Feature Extraction

This TAB enables you to extract essential characteristics from a time series data called features. Many features in Time and Frequency domains calculate automatically.

Most of the datasets are intense high resolution in industrial predictive maintenance cases. It isn't easy to use raw data directly in machine learning algorithms. That is why it is necessary to prepare a feature matrix from raw data where each row will contain important information related to the portion of the raw data. In the Time domain, you can extract features from Raw signal or Absolute, Gradient 1, Gradient 2 of the Raw Signal.

User Interface Structure

The use of Feature Extraction is complex, and you need to understand each step carefully to utilize this TAB completely. This section helps to familiar with the frequency Feature Extraction TAB interface elements.

Row-wise chunking:

The setting of this block is to decide the row's chunking and the output format.

Step by step usage of row-wise chunking of feature extraction

  1. chunk number: You can specify the number of chunks here. Then each selected signal will be chunked and created the same number of new rows. In the below-animated example, each signal has 16 samples, and the chunk number is two, and the resulting output will have two rows. chunk width: Like chunk number it will also create rows. But this time, the chunk width will be the number of samples in each chunk. For example if chuk width is 50, then the first chunk will contain the first 50 samples, the second chunk will contain the next 50 samples, and so on. So, if a signal contains 100 samples, and chunk width is 50, then the resulting output will have 2 rows.
  2. overlapping: You can mention overlapping percentage at chunking. It will then increase the number of rows. For example, if 50% overlapping has is selected in the below example, the output row would have three instead of two. Too much unnecessary overlapping may generate an overfitting problem in final data modeling. Overlapping is necessary if there is a fear that some edge data or edge behavior may lose if we do only chunking.
  3. Track chunk size as feature: As the name suggests, it just tracks chunk size and is mainly deleted in the final data modeling steps.
  4. Represent each signal by row: As the name suggests, all signal chunked output in the same column will be put under another row. In the below-animated example, the resulting output becomes two columns to one column when this option is checked-out.

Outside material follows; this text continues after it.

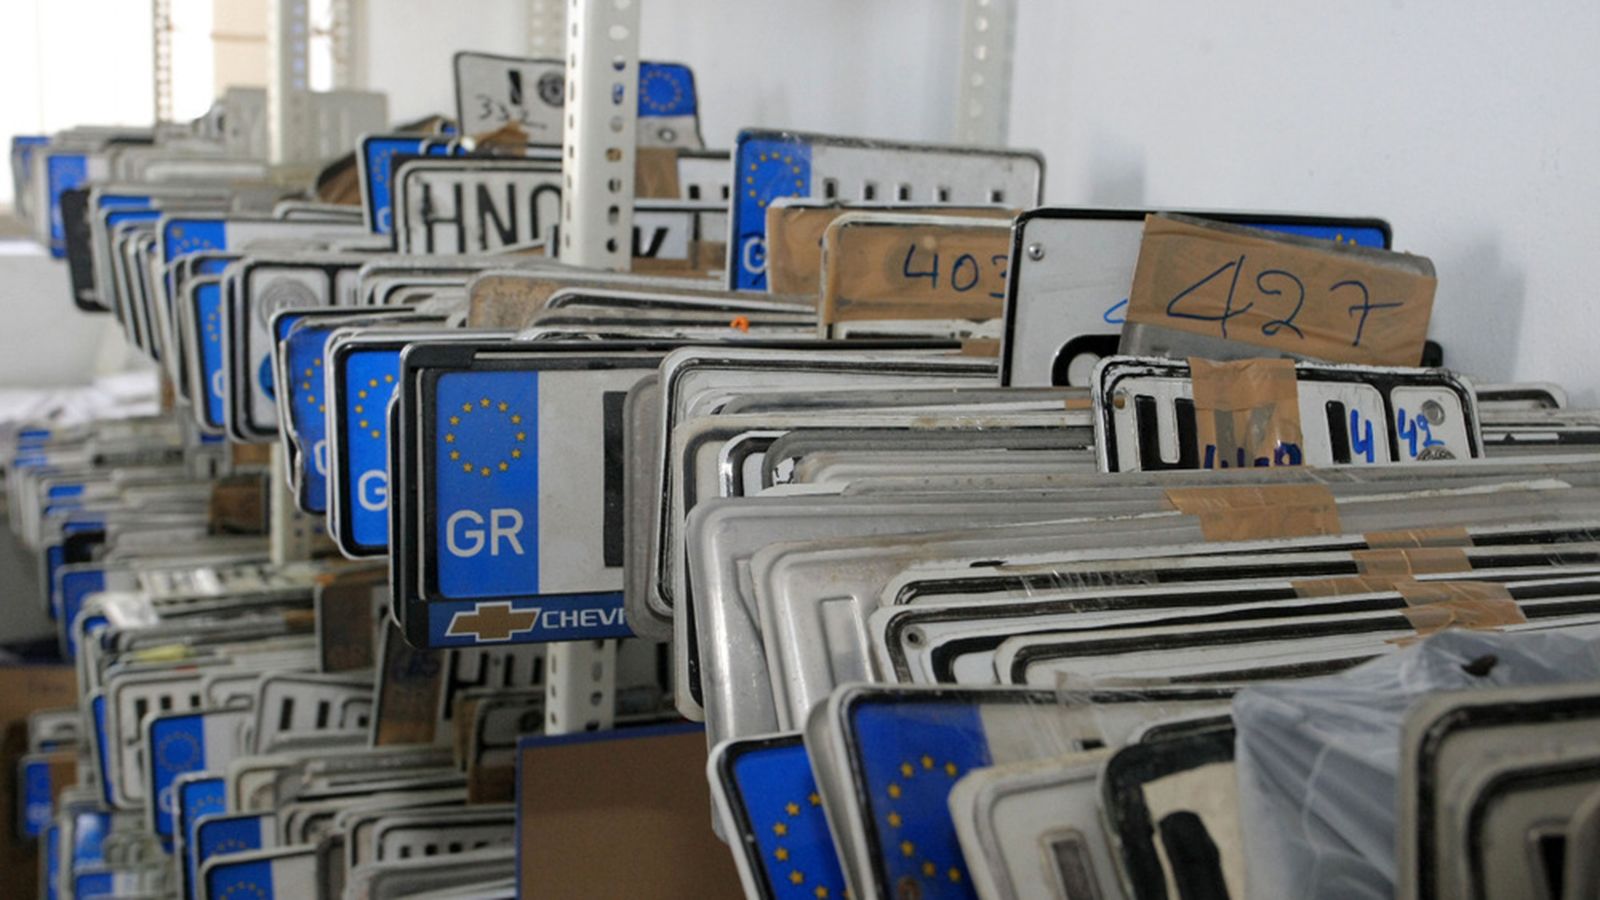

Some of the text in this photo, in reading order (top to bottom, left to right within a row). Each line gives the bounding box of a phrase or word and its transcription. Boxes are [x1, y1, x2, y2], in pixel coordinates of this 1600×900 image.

[743, 237, 767, 274] G
[1167, 255, 1404, 347] 427
[358, 470, 388, 511] G
[446, 508, 525, 557] GR

Example of Row-wise chunking of Feature extraction.

Column-wise chunking

The setting of this block is to decide the columns's chunking and the type of extracted features.

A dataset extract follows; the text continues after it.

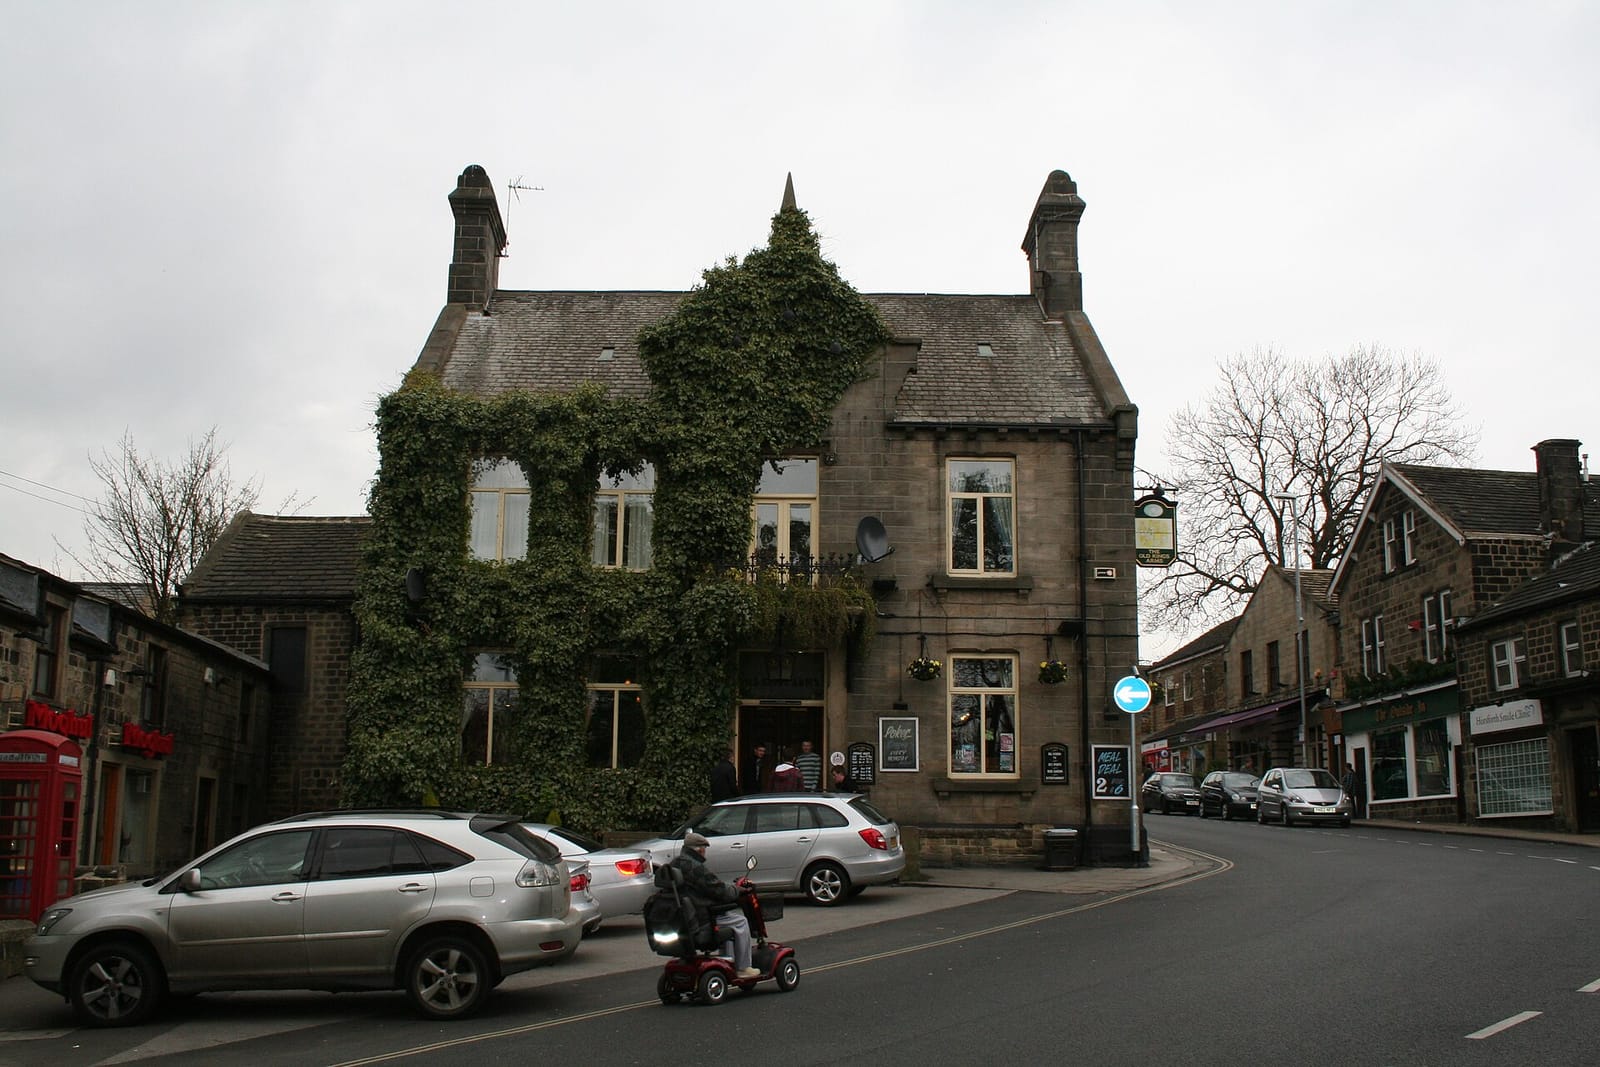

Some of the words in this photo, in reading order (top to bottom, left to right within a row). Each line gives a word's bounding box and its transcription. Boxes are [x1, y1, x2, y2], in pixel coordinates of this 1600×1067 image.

[1097, 751, 1121, 763] MEAL
[1097, 763, 1123, 775] DEAL
[1096, 777, 1108, 793] 2

Step by step usage of column-wise chunking of feature extraction

  1. ** signal**: You need to select the dataset (signals) from which the features extract. It can be single-select or multi-select.
  2. Signal type: The needs to specify which version of signals to use for further calculations. Options are:
    • raw: The signal without any change.
    • abs: If this one is selected, then the absolute value of the raw signal will be used for further calculations.
    • gradient 1: If this one is selected, then the first-order gradient value of the raw signal will be used for further calculations
    • gradient 2: If this one is selected, then the second-order gradient value of the raw signal will be used for further calculations
  3. overlapping: In column-wise chunking, you can mention overlapping percentages.
  4. Chunksize: Each segment of row-wise chunking (from the previous section) will be chunked here depending on the given chunk size. The row number will remain the same, but the number of columns will increase.
  5. Intesity: You can define how many features you want to extract. There are predefined feature profiles like Minimum, Medium, Full, string (only if the signal content is a string), and Datetime (only if signal content is Datetime). You can also choose All features or only selected features according to their choice
  6. Transformation type: You can select the domain you want to extract features. Options are:

    • None: If the none is selected, then it will extract features on the time domain depending on the signal type you have selected on number 2 points in this section
    • psd: If the psd is selected, it will extract features on Power spectral density (psd) converted frequency domain signal depending on signal type you have selected on number 2 points in this section.
    • fft: If the fft is selected, it will extract features on Fast Fourier Transform (fft) converted frequency domain signal depending on signal type you have selected on number 2 points in this section.
    • wavelet-dwt: If the wavelet-dwt is selected, it will extract features on Discrete Wavelet Transform (dwt) converted frequency domain signal depending on signal type you have selected number 2 points in this section.
    • wavelet-cwt: If the wavelet-cwt is selected, it will extract features on Continuous Wavelet Transform (cwt) converted frequency domain signal depending on signal type you have selected number 2 points in this section.
  7. overlapping: This overlapping works on last chunking.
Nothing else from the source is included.